* _Task to complete_: Images don't belong in the copy. Output the rest of the data exactly.

── Supplied records ──

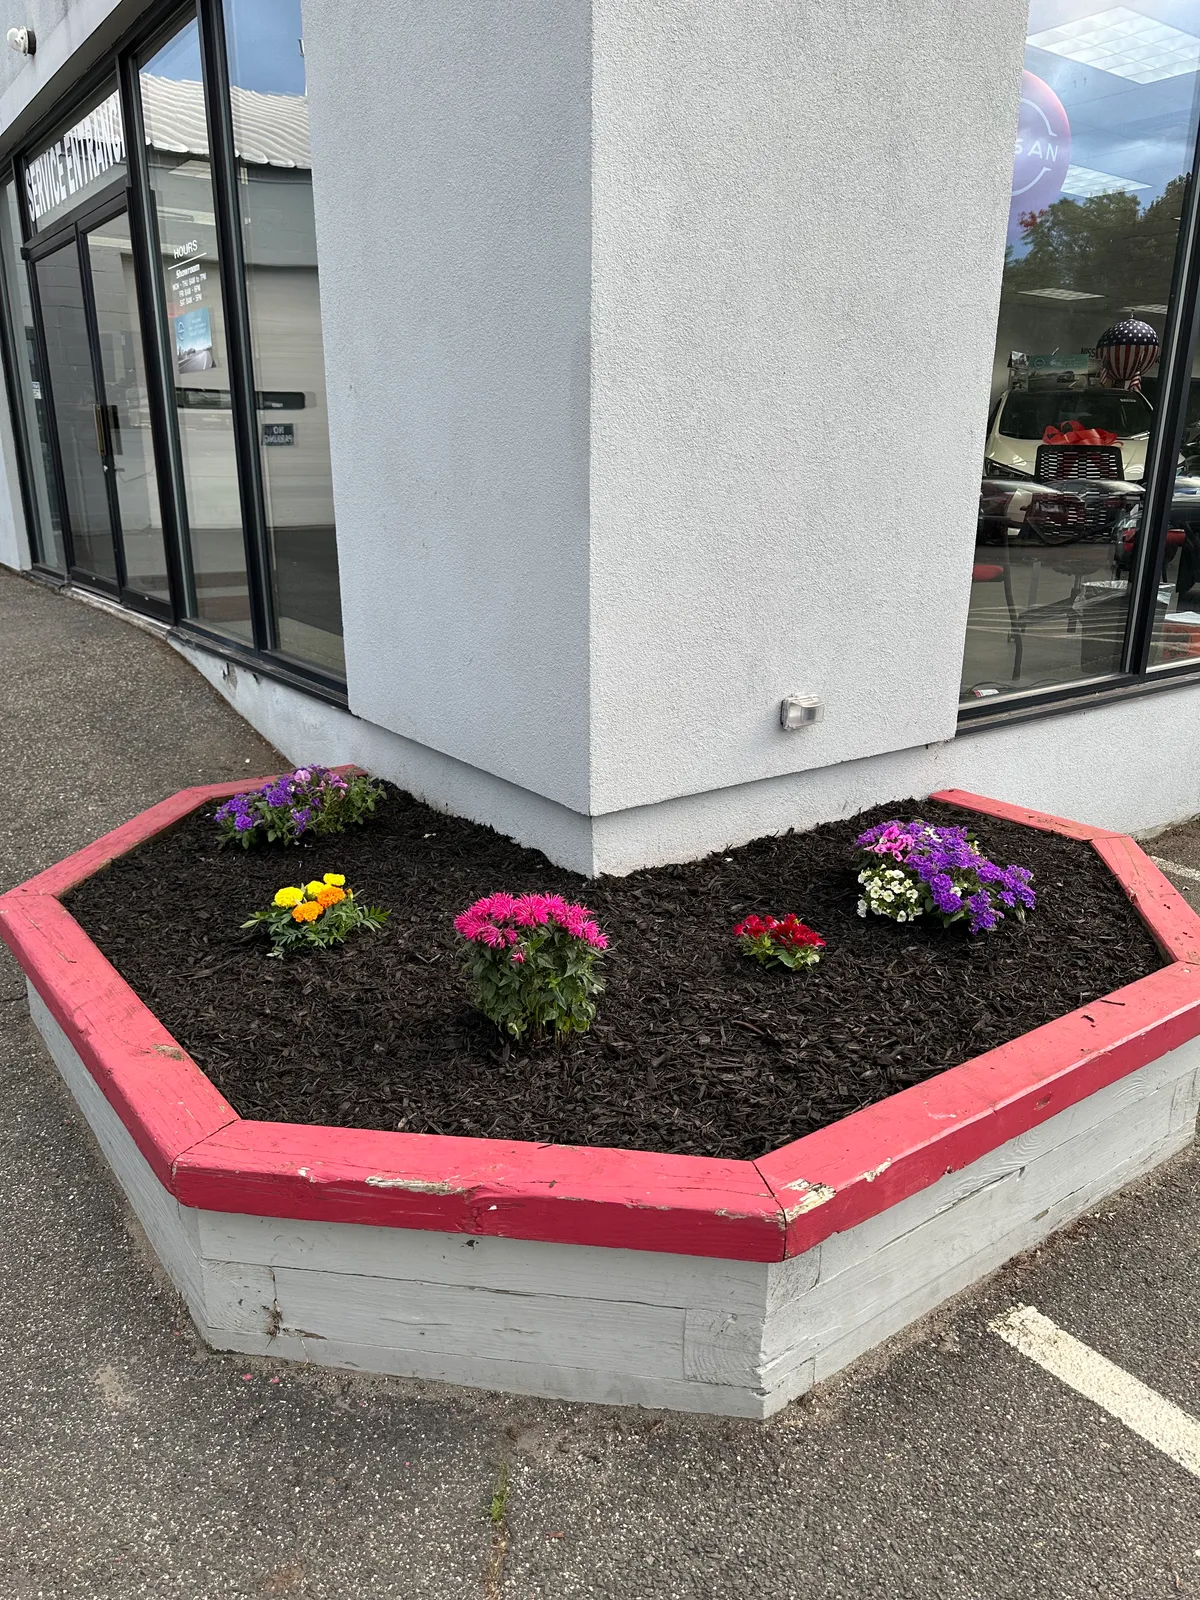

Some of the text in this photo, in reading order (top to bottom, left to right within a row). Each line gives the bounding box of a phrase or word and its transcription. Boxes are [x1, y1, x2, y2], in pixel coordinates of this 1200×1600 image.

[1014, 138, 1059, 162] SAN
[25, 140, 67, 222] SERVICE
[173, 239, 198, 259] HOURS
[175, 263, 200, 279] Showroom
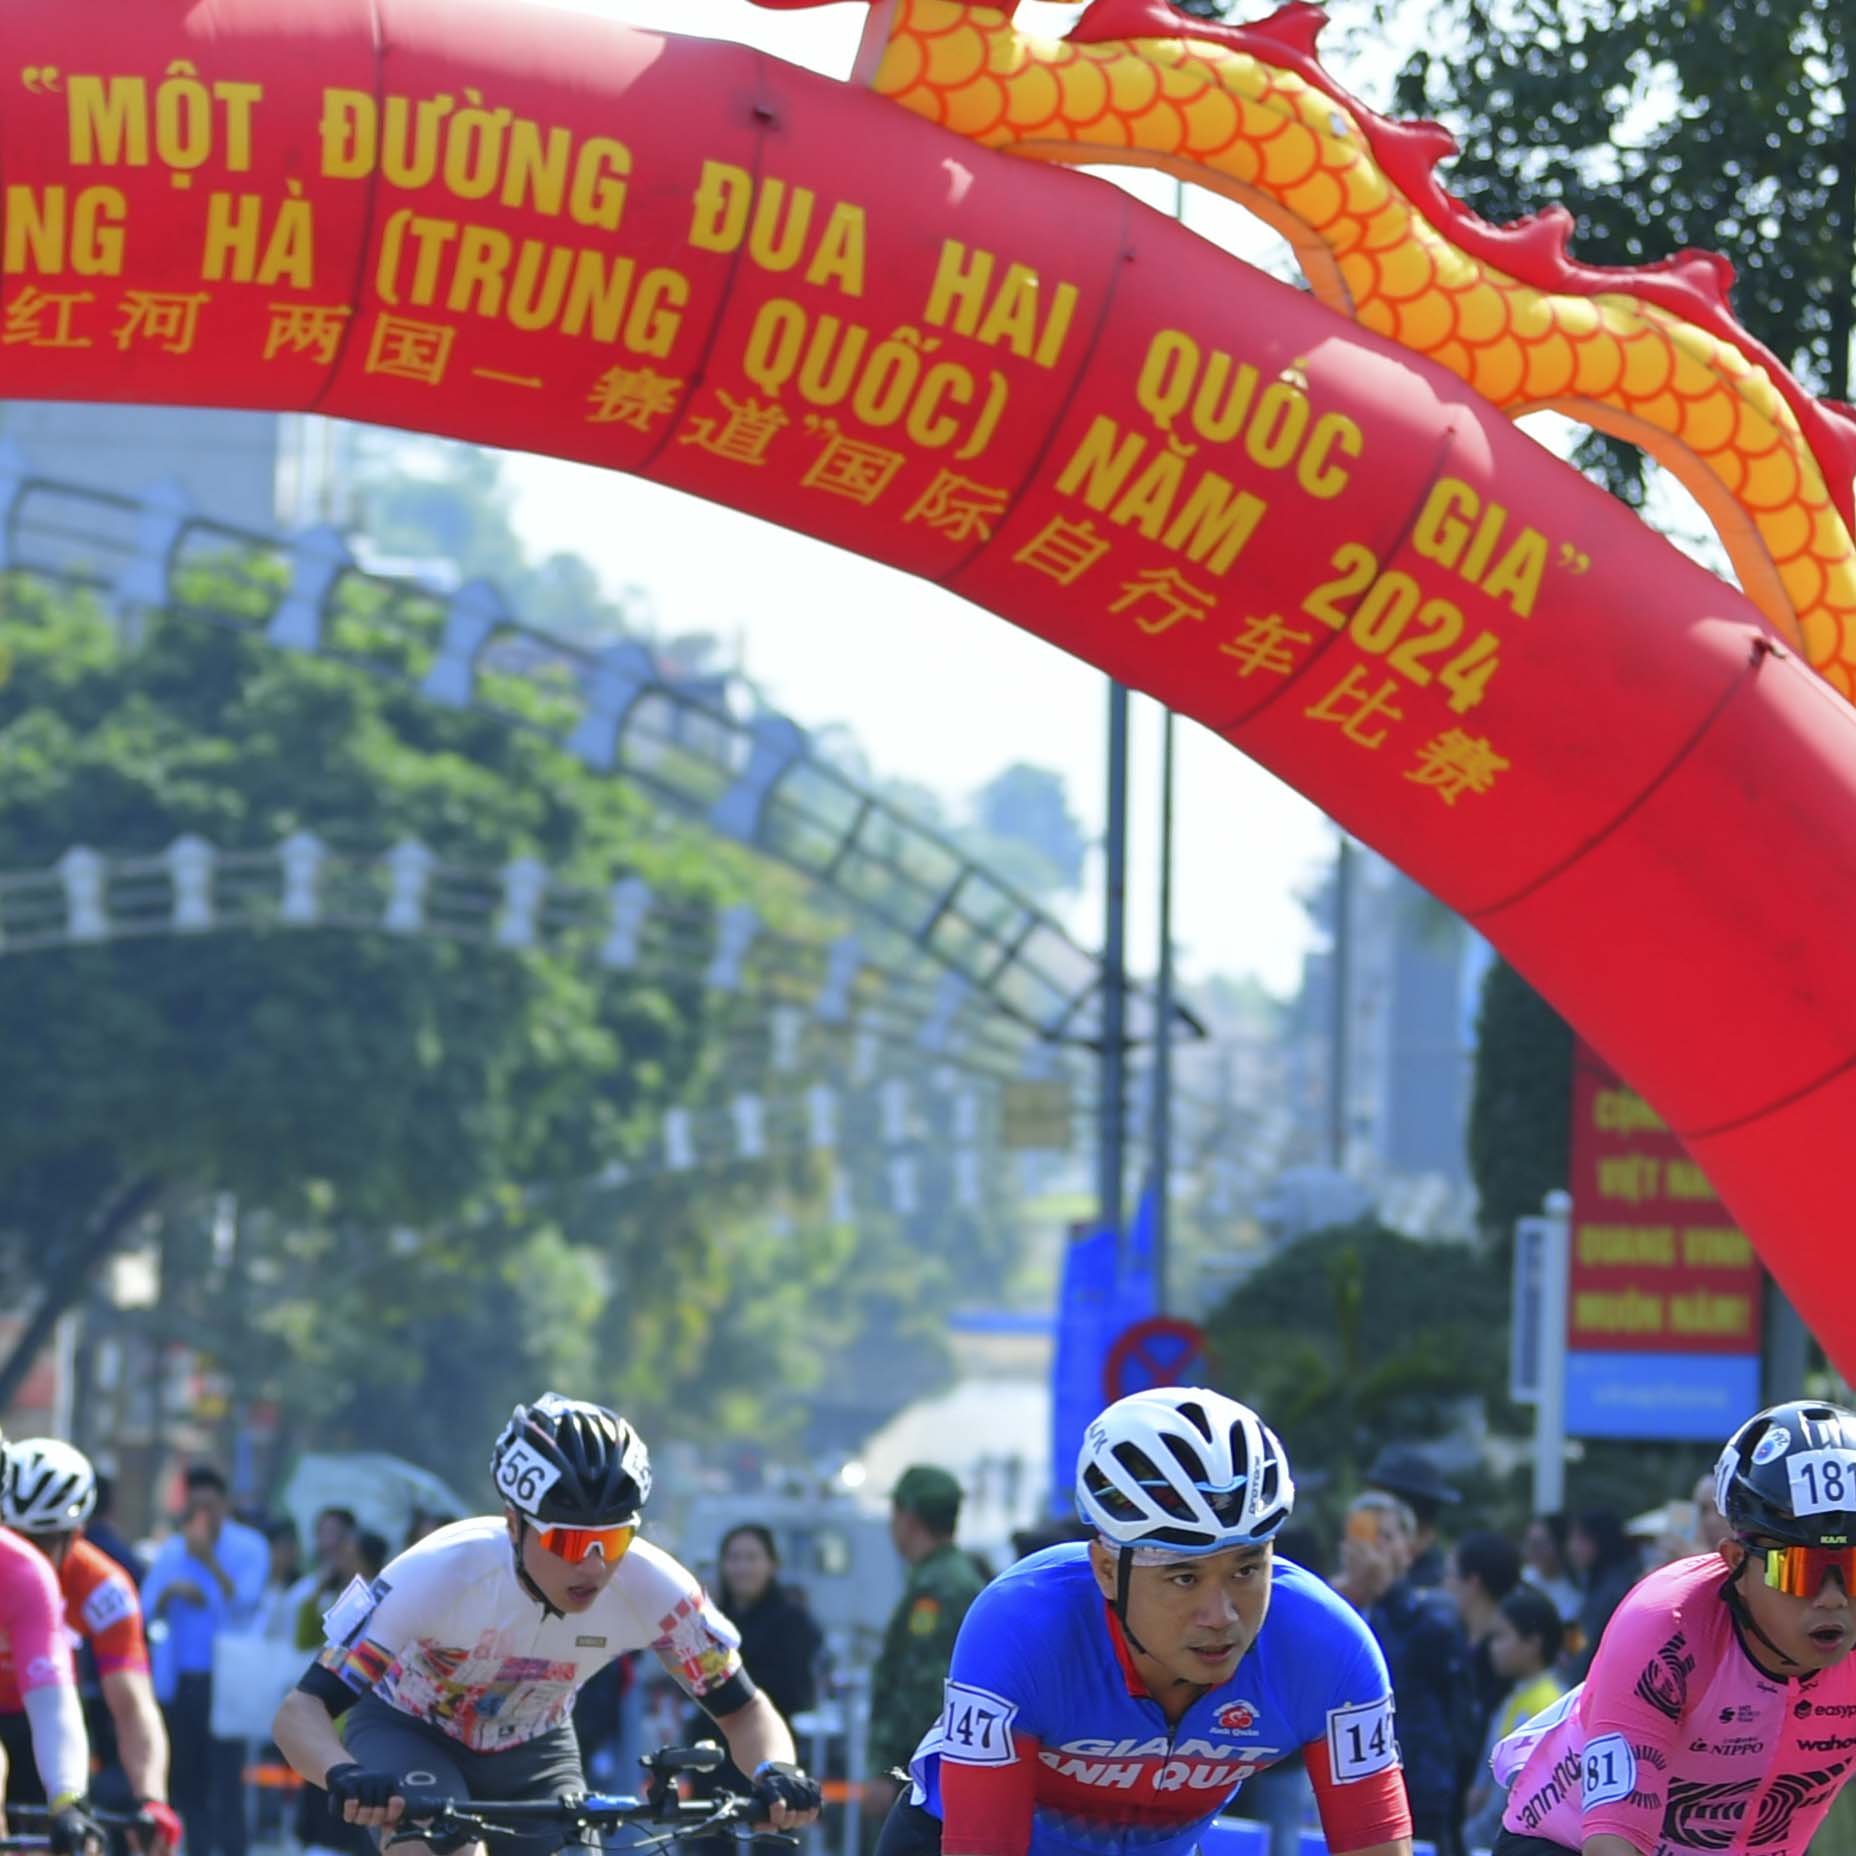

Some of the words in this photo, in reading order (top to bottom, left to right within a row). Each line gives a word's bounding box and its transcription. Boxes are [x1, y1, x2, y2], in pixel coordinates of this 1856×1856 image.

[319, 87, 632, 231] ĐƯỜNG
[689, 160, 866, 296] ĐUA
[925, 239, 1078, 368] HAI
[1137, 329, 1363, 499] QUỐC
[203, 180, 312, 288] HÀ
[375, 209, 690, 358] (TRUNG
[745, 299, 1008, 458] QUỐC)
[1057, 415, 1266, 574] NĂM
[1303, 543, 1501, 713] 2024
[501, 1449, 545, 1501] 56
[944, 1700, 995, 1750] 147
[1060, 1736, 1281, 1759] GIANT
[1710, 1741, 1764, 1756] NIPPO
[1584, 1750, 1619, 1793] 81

───

* _Result of this task_:
Some of the text in this photo, in reading order (top to bottom, left to right within a row). Each line gives the bounding box of a phrase or word and its transcription. Boxes are [x1, y1, x2, y2], in pixel coordinates of this 1200×1600 image.

[1014, 138, 1059, 162] SAN
[25, 140, 67, 222] SERVICE
[173, 239, 198, 259] HOURS
[175, 263, 200, 279] Showroom

Some of the words in this photo, in reading order (top to bottom, left to right within a row). Each line gives a word's bounding box and its transcription. Boxes are [x1, y1, x2, y2], in pixel coordinates of this 1856×1856 image.

[319, 87, 632, 231] ĐƯỜNG
[689, 160, 866, 296] ĐUA
[925, 239, 1078, 368] HAI
[1137, 329, 1363, 499] QUỐC
[203, 180, 312, 288] HÀ
[375, 209, 690, 358] (TRUNG
[745, 299, 1008, 458] QUỐC)
[1057, 415, 1266, 574] NĂM
[1303, 543, 1501, 713] 2024
[501, 1449, 545, 1501] 56
[944, 1700, 995, 1750] 147
[1060, 1736, 1281, 1759] GIANT
[1710, 1741, 1764, 1756] NIPPO
[1584, 1750, 1619, 1793] 81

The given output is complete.